Conservative therapy

treatment of varicose veins of the legs

Conservative methods of treatment of varicose veins involve the following activities:

  1. Reducing risk factors of disease progression. Patients with varicose disease and persons at increased risk of developing varicose veins, it is recommended that continuous follow-up at the doctor.
  2. Fighting weakness. Patients who have no signs of thrombophlebitis or thrombosis, are shown regular physical therapy sessions and some activities aimed at strengthening and training of the lower limb veins. Exercise intensity should be agreed with your doctor-physiotherapist. A beneficial effect on the condition of the vessels of the legs have: walking, Cycling, Jogging, swimming. Such patients are advised to perform the exercises (except those that run in the water) in terms of additional compression created special underwear or elastic bandages. Before training, the patient is recommended to lie down for a few minutes with raised legs. Patients with varicose veins is contraindicated classes traumatic foot sports: different power of martial arts and sports associated with heavy lifting, skiing, tennis, basketball, volleyball, football.
  3. Compression therapy. For the graduated compression of muscles, which helps to eliminate stagnation of blood and normalize the venous circulation, apply elastic bandages and compression stockings of different compression classes. At 0 and 1 degree of chronic venous insufficiency recommended knit I-II class, 2 – class II, with 3 and 4 – II or III (and in severe cases, IV grade). Depending on the extent of the lesion of veins, compression therapy for varicose veins of the lower extremities may be appointed as a limited or long period of time.
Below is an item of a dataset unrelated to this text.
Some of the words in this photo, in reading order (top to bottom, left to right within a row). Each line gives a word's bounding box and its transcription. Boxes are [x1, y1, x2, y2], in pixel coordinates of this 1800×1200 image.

  4. Drug therapy. Patients with varicose veins of the lower extremities, accompanied by 1-4 degree of venous insufficiency, shown a course of medication. It should be remembered that the purpose of drug therapy can be performed only by a physician, because the mindless use of drugs can not relieve the patient of venous insufficiency and will only aggravate the disease. With adequate and well-chosen medical treatment and the advice of a medical compression therapy and physical therapy the patient will be able to for 3-4 weeks to achieve the elimination of clinical symptoms, complications and compensation of venous insufficiency. In the scheme of therapy can include such drugs: antiplatelet agents, anticoagulants, nonsteroidal anti-inflammatory drugs. In a complicated course of disease and venous thrombosis regimen may be supplemented by special funds for local use, and the development of venous ulcers and their infection with antibiotics and wound healing agents.
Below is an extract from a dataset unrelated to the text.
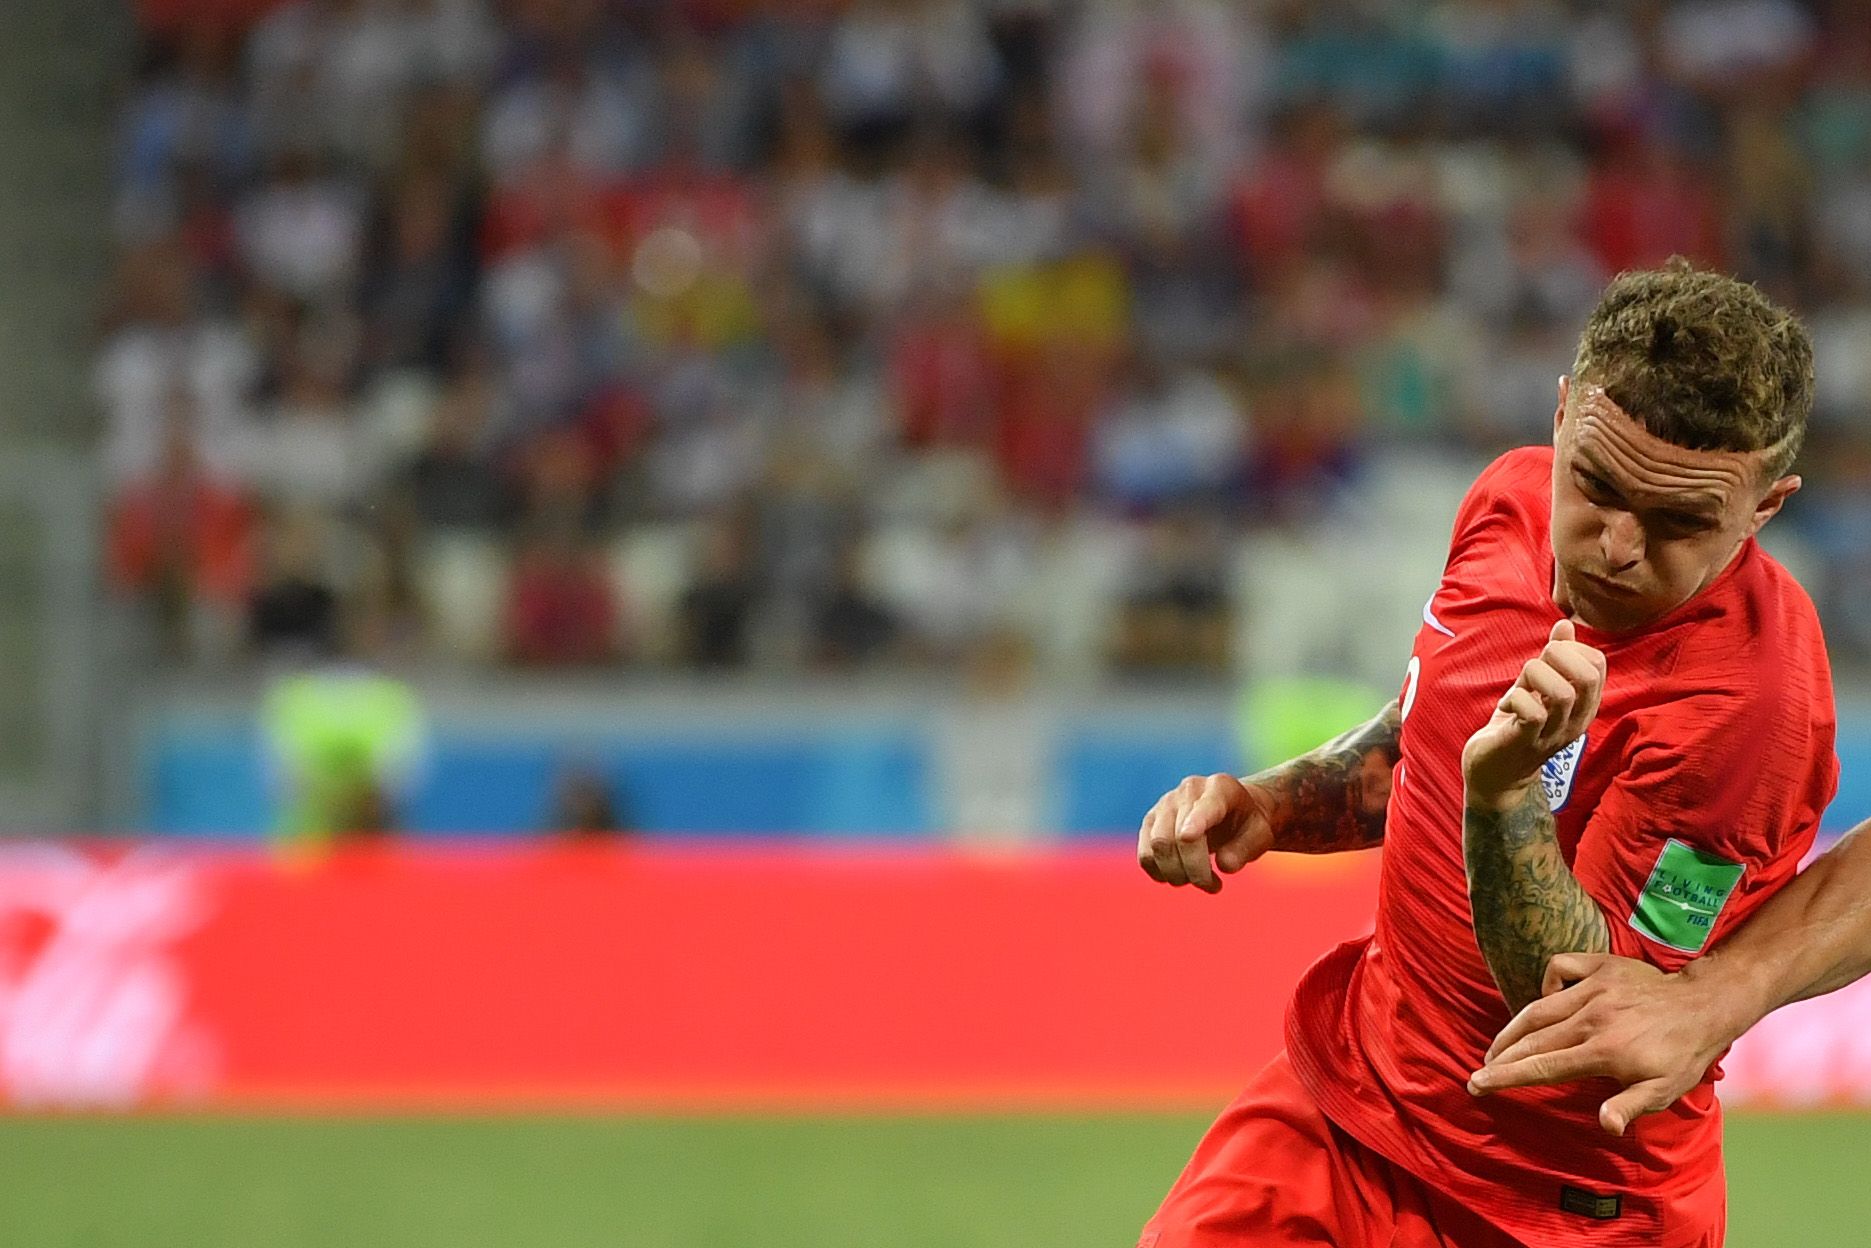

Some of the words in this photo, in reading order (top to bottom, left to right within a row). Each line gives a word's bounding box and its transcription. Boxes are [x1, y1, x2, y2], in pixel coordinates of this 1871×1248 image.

  5. Physiotherapy. The complex of therapeutic procedures for varicose veins of the lower extremities can include a variety of treatments that contribute to the normalization of tone of the walls of the veins, microcirculation, and lymph flow. To do this, the patient can be administered: local darsonvalization, magnetotherapy, laser therapy, hyperbaric oxygenation and hydro - and balneotherapy (General and local baths of mineral waters, in contrast, oxygen and pearl baths). In the absence of contraindications the patient can be shown the courses easy massage that must be performed by a specialist or by yourself (after learning a simple technique from an experienced massage therapist). Many patients with varicose veins may be of such insufficient common treatments like leech therapy.